---------- SOURCE DATA ----------
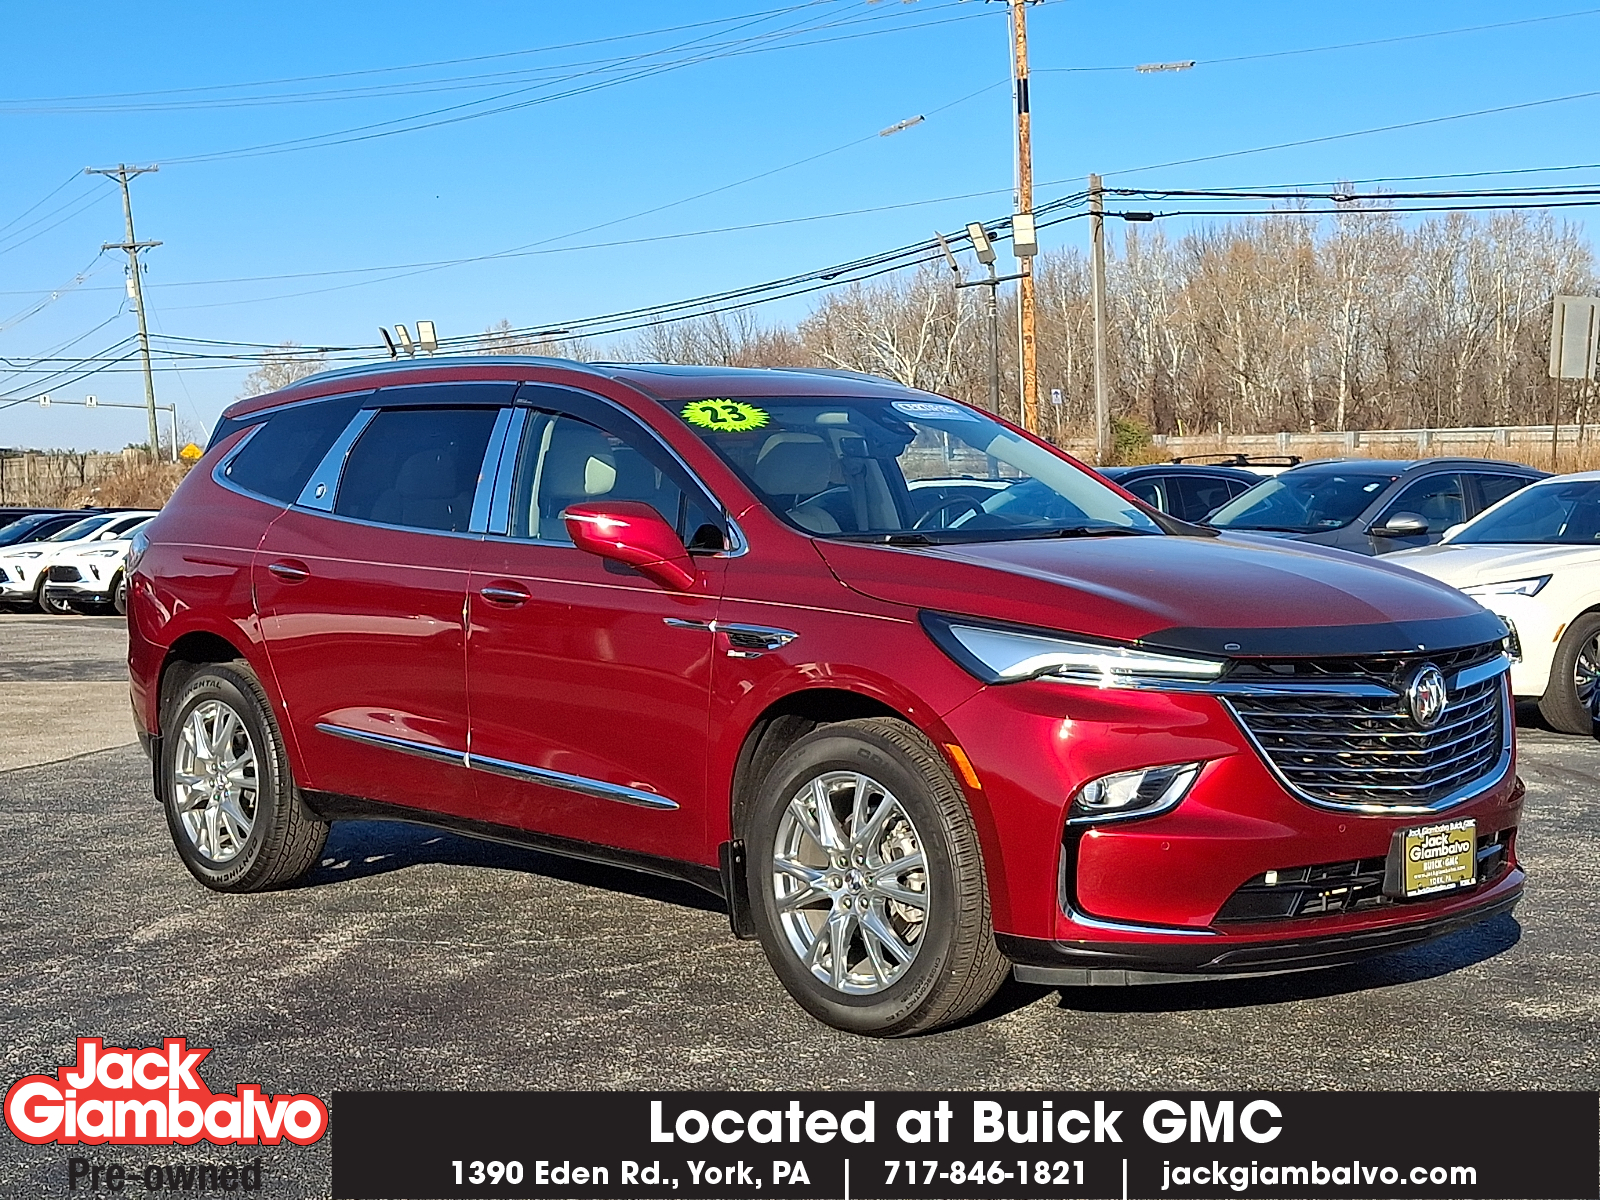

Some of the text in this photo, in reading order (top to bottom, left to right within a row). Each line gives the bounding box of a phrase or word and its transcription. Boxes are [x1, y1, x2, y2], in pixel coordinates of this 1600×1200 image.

[699, 405, 747, 423] 23
[1422, 833, 1449, 849] Jack
[200, 837, 258, 882] CONTINENT
[1410, 841, 1470, 861] Giambalvo
----------
WHAT TO DO
Return the records above exactly as written. Do not include their images.

ANSWER BELOW
Some of the text in this photo, in reading order (top to bottom, left to right within a row). Each line gives the bounding box of a phrase or word and its transcription. Boxes are [x1, y1, x2, y2], in pixel coordinates of this 1600×1200 image.

[699, 405, 747, 423] 23
[1422, 833, 1449, 849] Jack
[200, 837, 258, 882] CONTINENT
[1410, 841, 1470, 861] Giambalvo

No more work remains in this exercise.